**Dataset entries**
*** Block opens ***

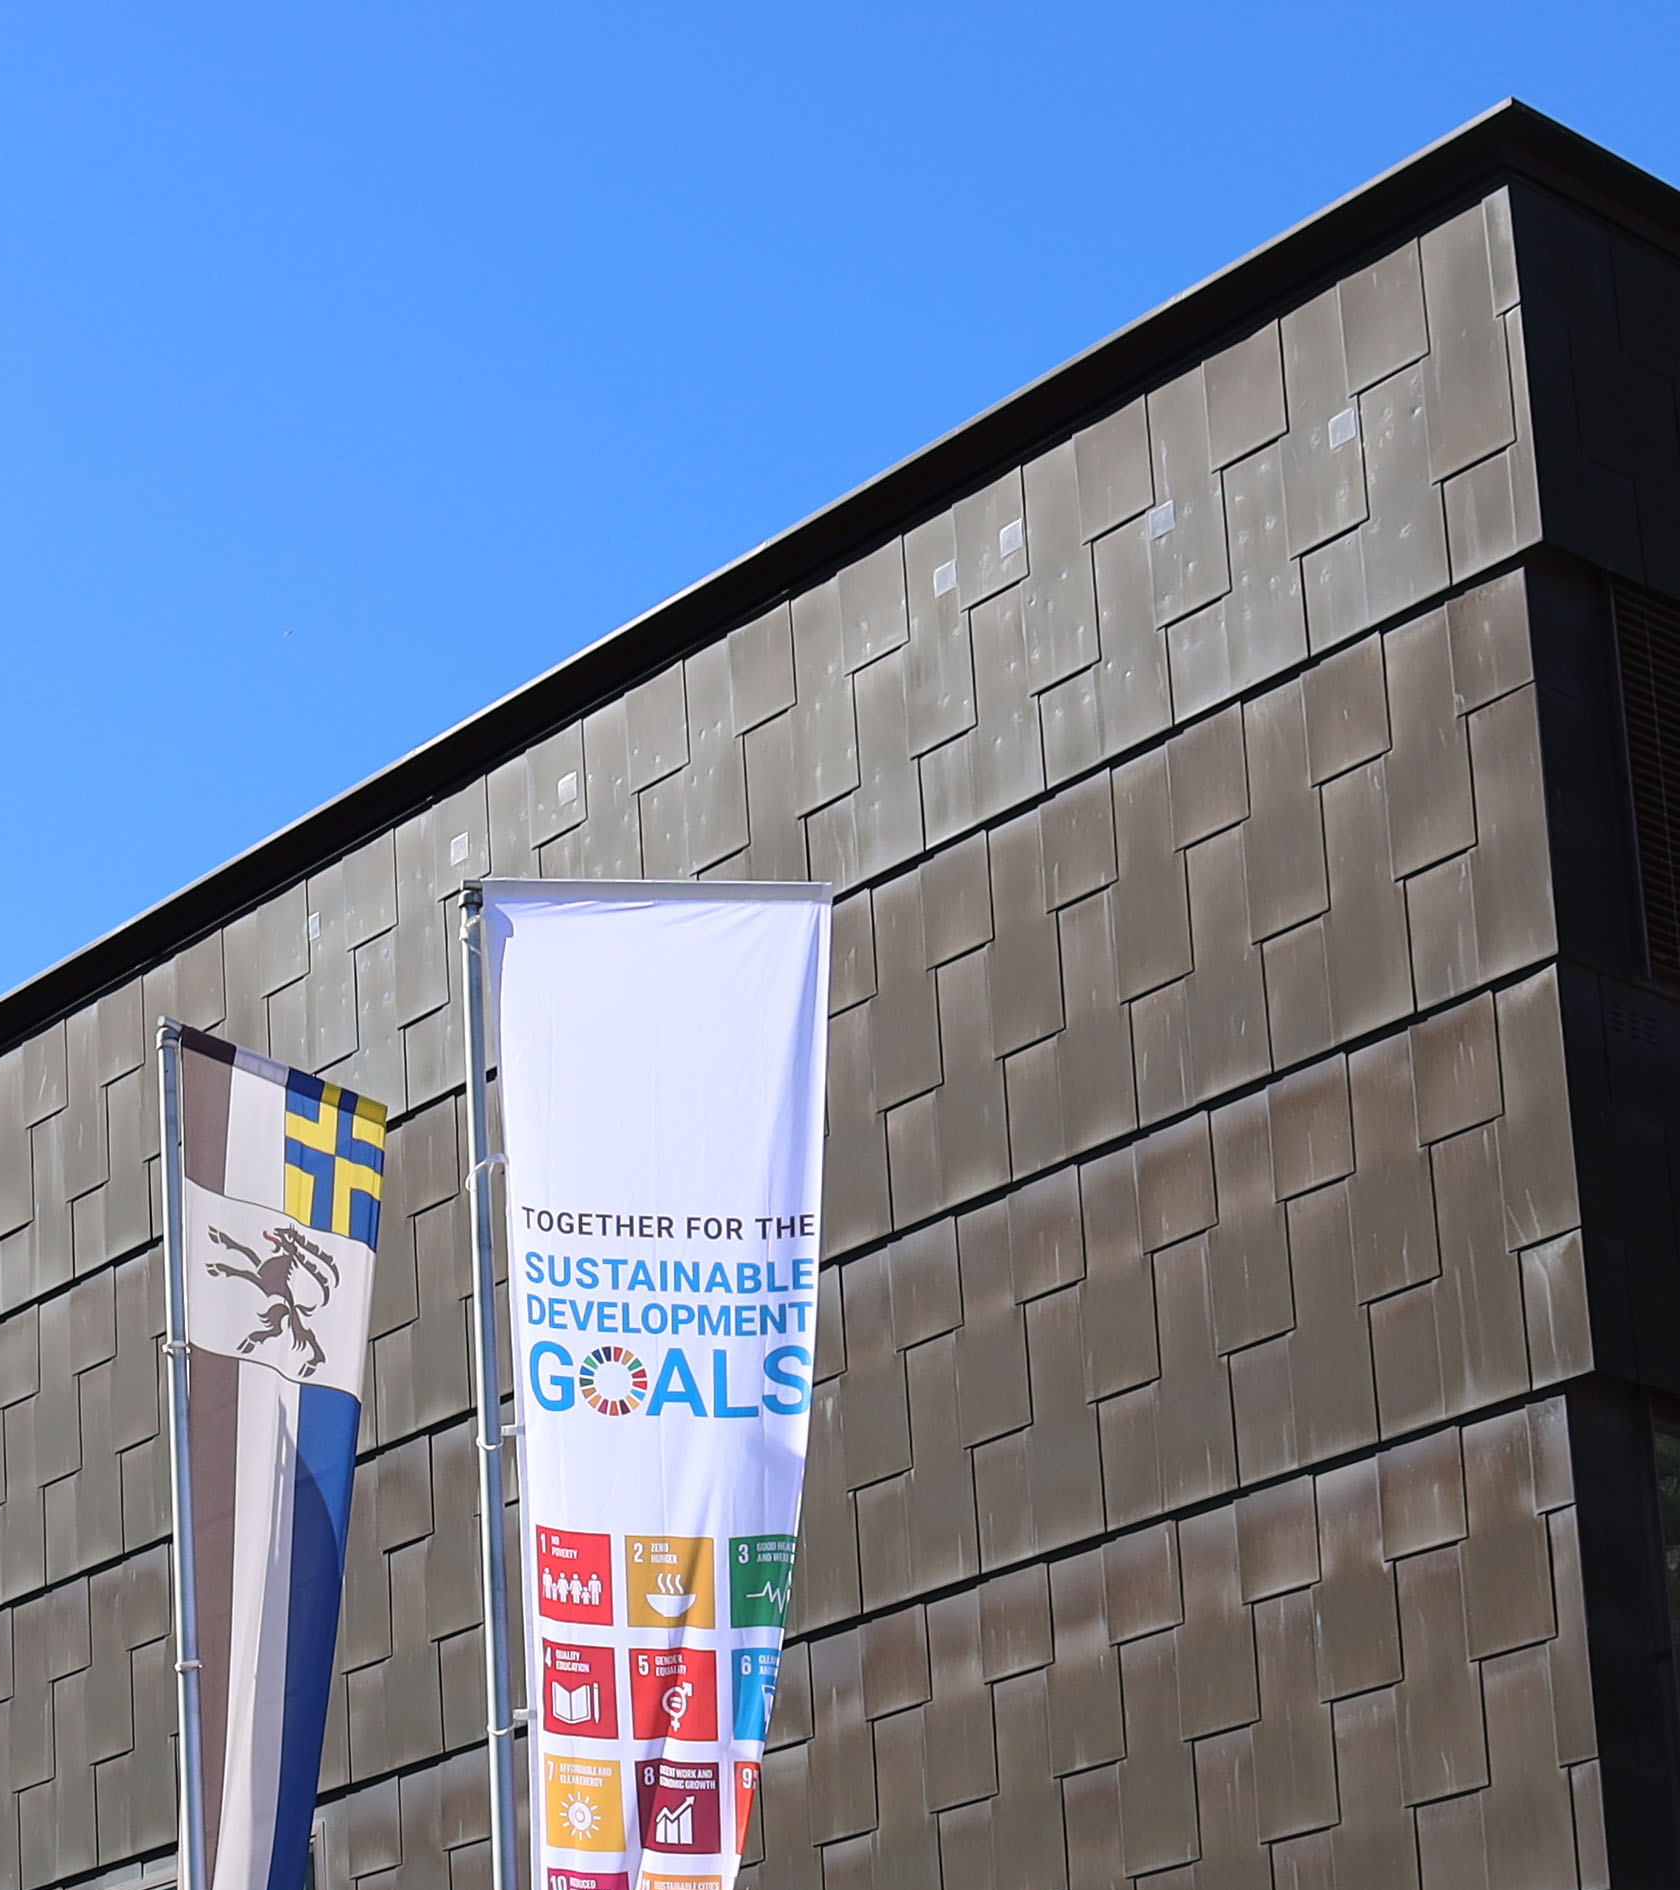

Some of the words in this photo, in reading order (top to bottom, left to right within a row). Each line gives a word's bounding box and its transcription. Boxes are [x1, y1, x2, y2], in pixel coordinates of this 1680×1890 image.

[521, 1205, 674, 1239] TOGETHER
[686, 1216, 744, 1241] FOR
[755, 1213, 816, 1240] THE
[524, 1250, 815, 1295] SUSTAINABLE
[526, 1292, 814, 1337] DEVELOPMENT
[529, 1340, 813, 1419] GOALS
[539, 1532, 548, 1554] 1
[632, 1542, 644, 1564] 2
[650, 1542, 669, 1553] ZERO
[738, 1543, 750, 1564] 3
[543, 1647, 552, 1668] 4
[638, 1655, 649, 1676] 5
[740, 1654, 752, 1676] 6
[547, 1760, 555, 1782] 7
[643, 1766, 655, 1787] 8
[741, 1767, 752, 1789] 9
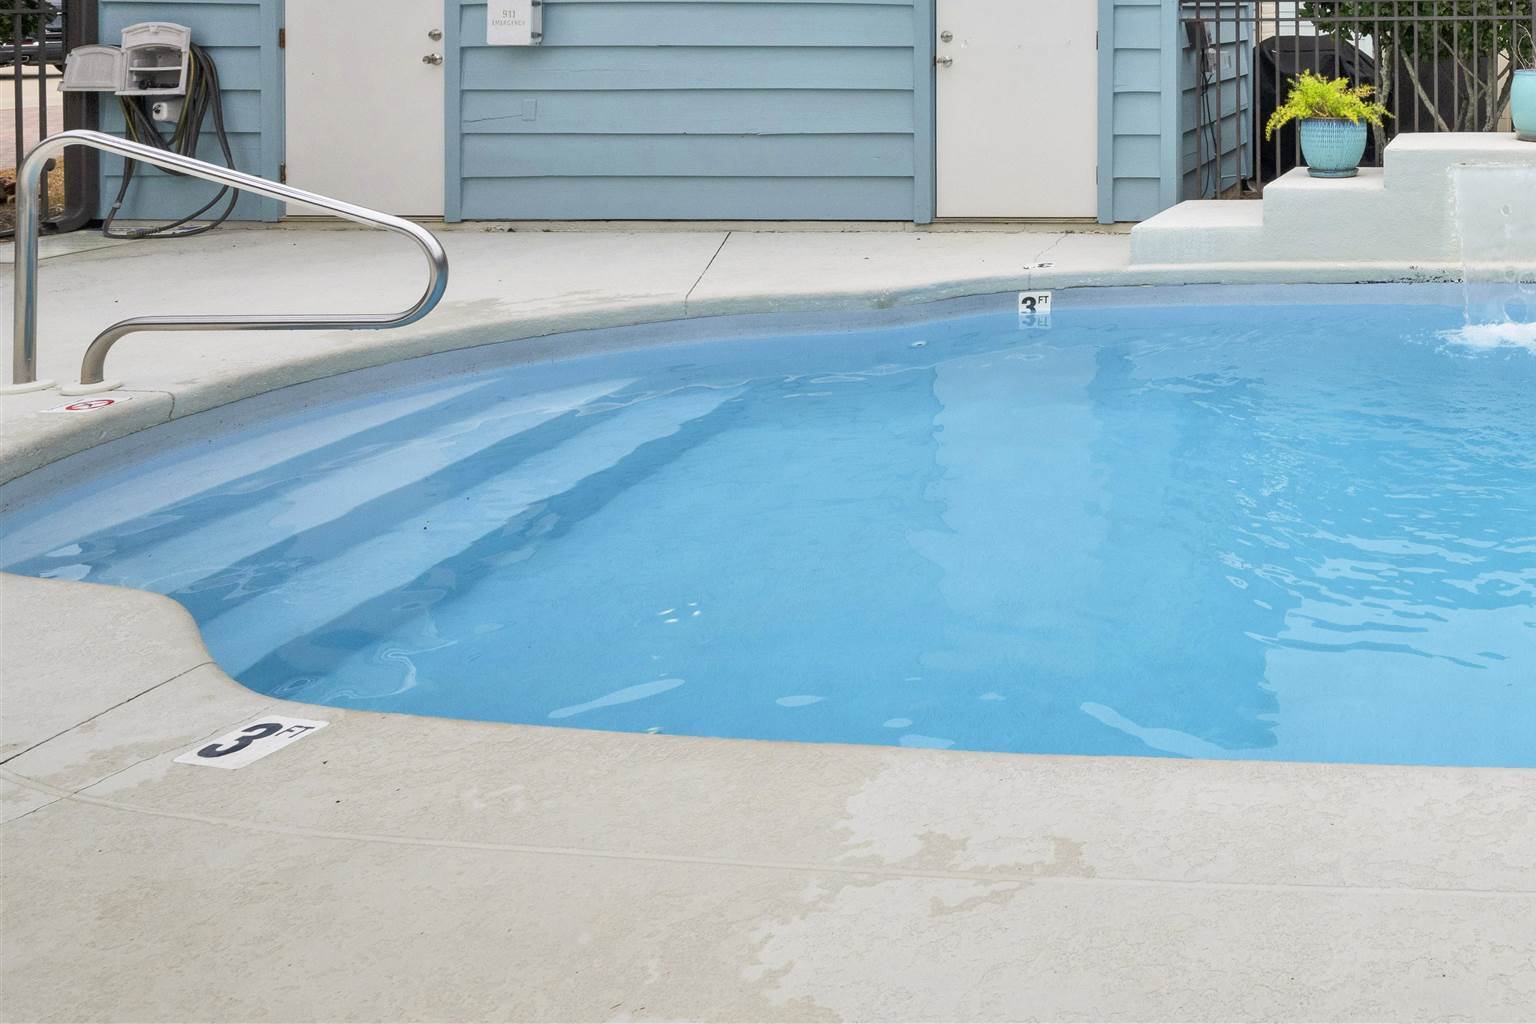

*** Block closes ***

**Goal of the exercise**
The reply has to reproduce every line above verbatim and contain no pictures.

**Solution for this exercise**
Some of the words in this photo, in reading order (top to bottom, left to right within a row). Each line gives a word's bounding box and its transcription. Boxes are [x1, y1, x2, y2], in pixel coordinates of this 1680×1890 image.

[521, 1205, 674, 1239] TOGETHER
[686, 1216, 744, 1241] FOR
[755, 1213, 816, 1240] THE
[524, 1250, 815, 1295] SUSTAINABLE
[526, 1292, 814, 1337] DEVELOPMENT
[529, 1340, 813, 1419] GOALS
[539, 1532, 548, 1554] 1
[632, 1542, 644, 1564] 2
[650, 1542, 669, 1553] ZERO
[738, 1543, 750, 1564] 3
[543, 1647, 552, 1668] 4
[638, 1655, 649, 1676] 5
[740, 1654, 752, 1676] 6
[547, 1760, 555, 1782] 7
[643, 1766, 655, 1787] 8
[741, 1767, 752, 1789] 9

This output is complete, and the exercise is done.